[ACTION ITEM]: Once the pictures are removed, reproduce what is left of the data below exactly.

(Text-to-region grounding data)
-- Opening Marker --
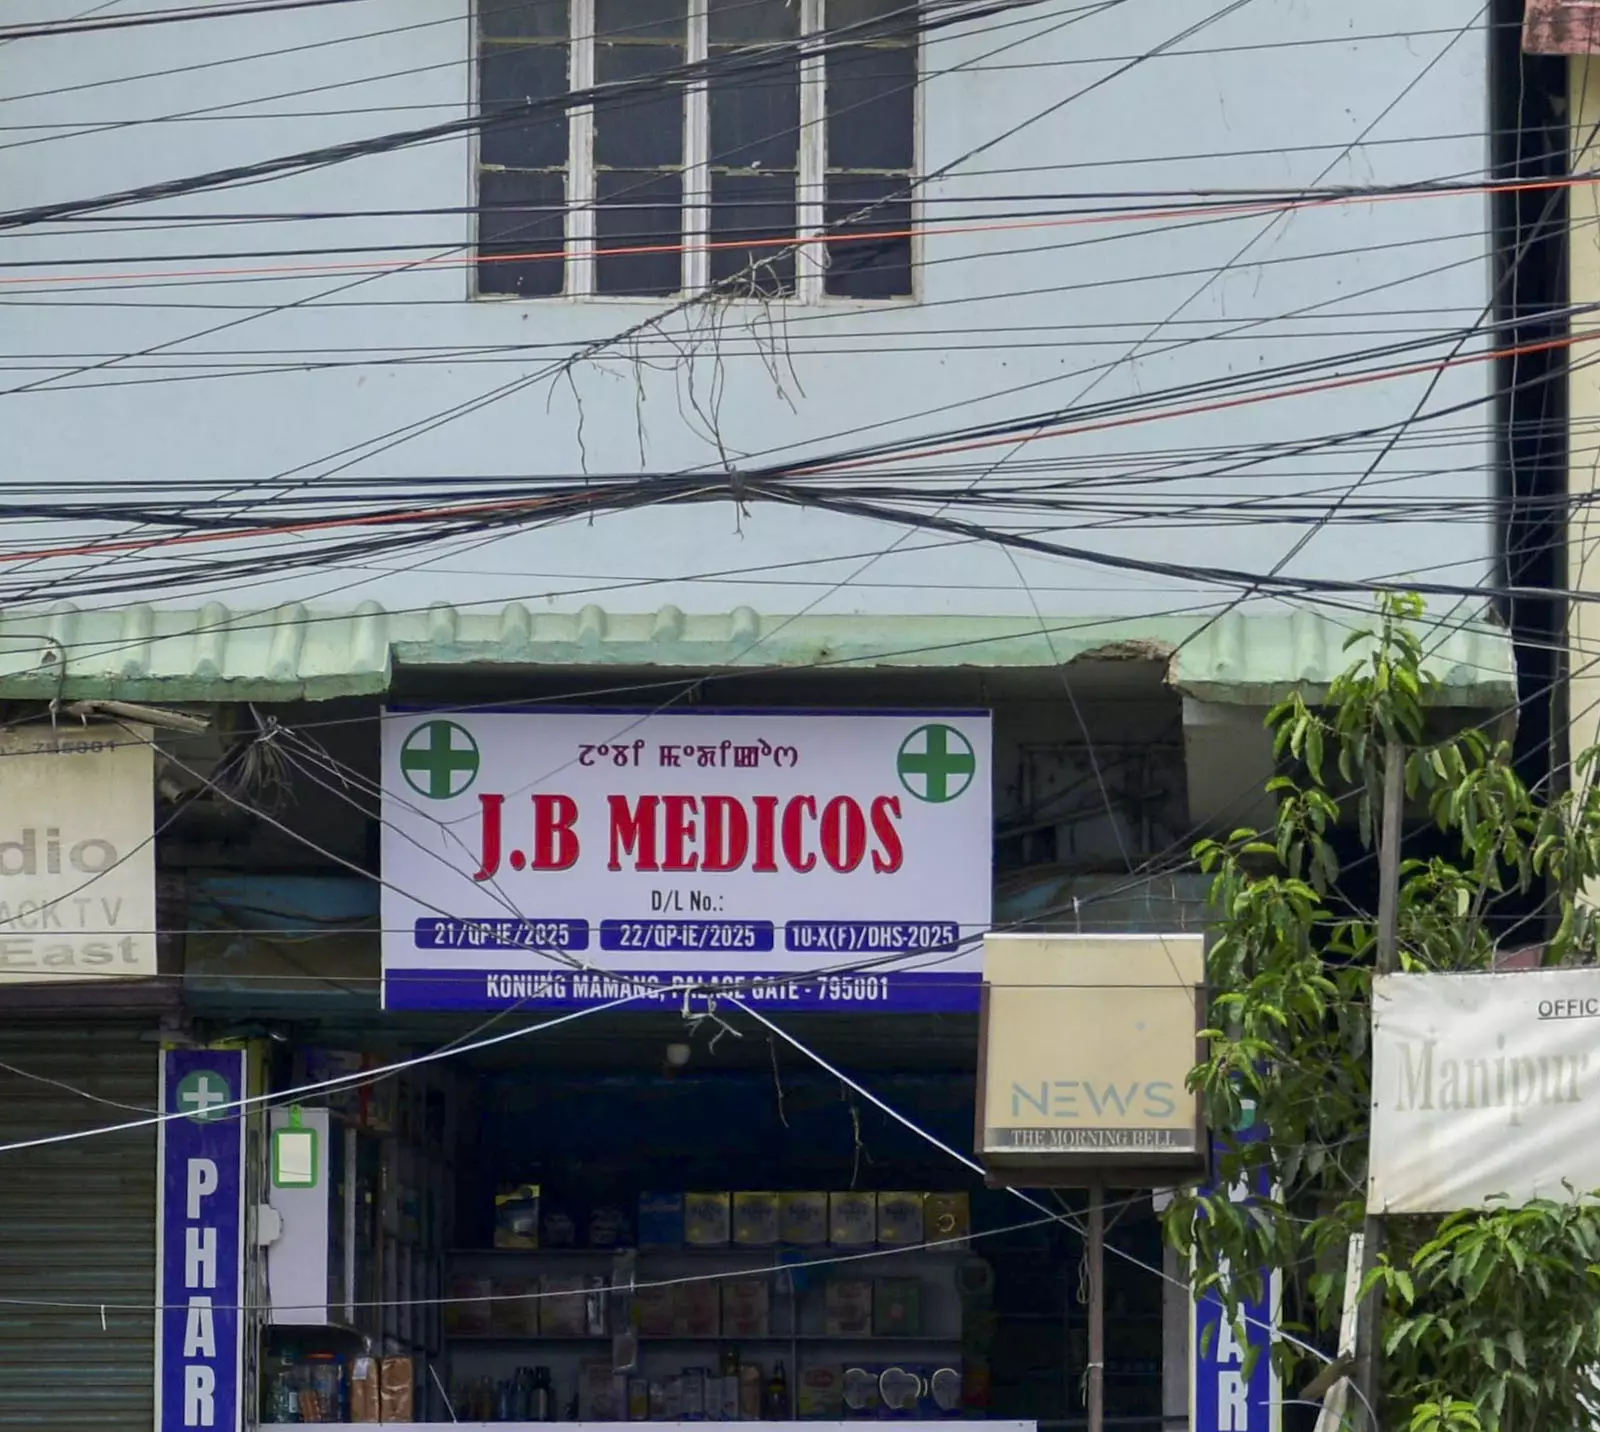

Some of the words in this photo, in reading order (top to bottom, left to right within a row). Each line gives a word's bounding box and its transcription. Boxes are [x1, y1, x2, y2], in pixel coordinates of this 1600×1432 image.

[473, 793, 581, 883] J.B
[607, 793, 904, 874] MEDICOS
[651, 890, 683, 913] D/L
[486, 974, 567, 999] KONUNG
[752, 976, 800, 1000] GATE
[817, 976, 889, 1000] 795001
[1395, 1033, 1591, 1127] Manipur
[1011, 1080, 1176, 1118] NEWS
[1011, 1130, 1045, 1147] THE
[1050, 1130, 1128, 1147] MORNING
[1132, 1130, 1176, 1147] BELL
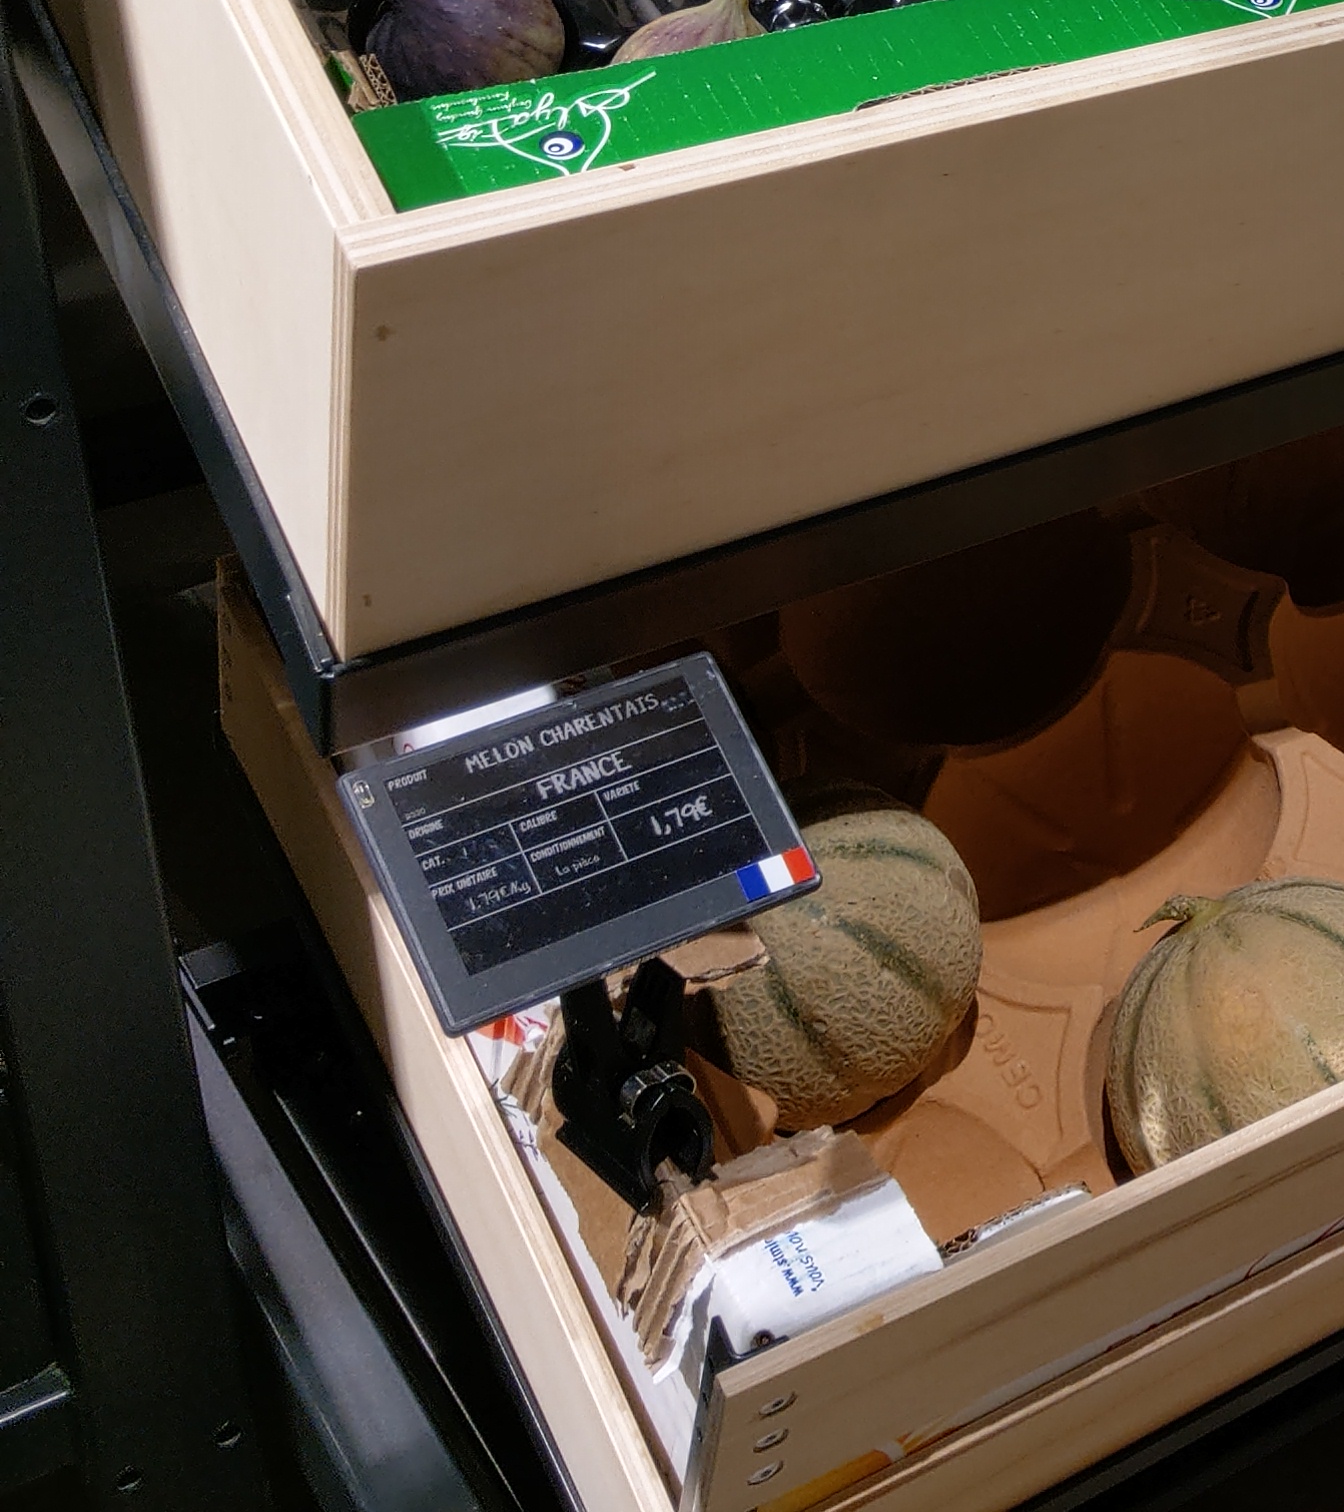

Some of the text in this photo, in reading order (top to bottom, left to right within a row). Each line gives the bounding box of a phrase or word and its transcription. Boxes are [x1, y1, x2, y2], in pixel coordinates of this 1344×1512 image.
-- Closing Marker --
[SOLVED PROBLEM]:
Some of the words in this photo, in reading order (top to bottom, left to right within a row). Each line gives a word's bounding box and its transcription. Boxes are [x1, y1, x2, y2], in pixel coordinates of this 1600×1432 image.

[473, 793, 581, 883] J.B
[607, 793, 904, 874] MEDICOS
[651, 890, 683, 913] D/L
[486, 974, 567, 999] KONUNG
[752, 976, 800, 1000] GATE
[817, 976, 889, 1000] 795001
[1395, 1033, 1591, 1127] Manipur
[1011, 1080, 1176, 1118] NEWS
[1011, 1130, 1045, 1147] THE
[1050, 1130, 1128, 1147] MORNING
[1132, 1130, 1176, 1147] BELL

Some of the text in this photo, in reading order (top to bottom, left to right within a row). Each line gives the bounding box of a phrase or word and its transcription. Boxes are [x1, y1, x2, y2], in pixel coordinates of this 1344×1512 image.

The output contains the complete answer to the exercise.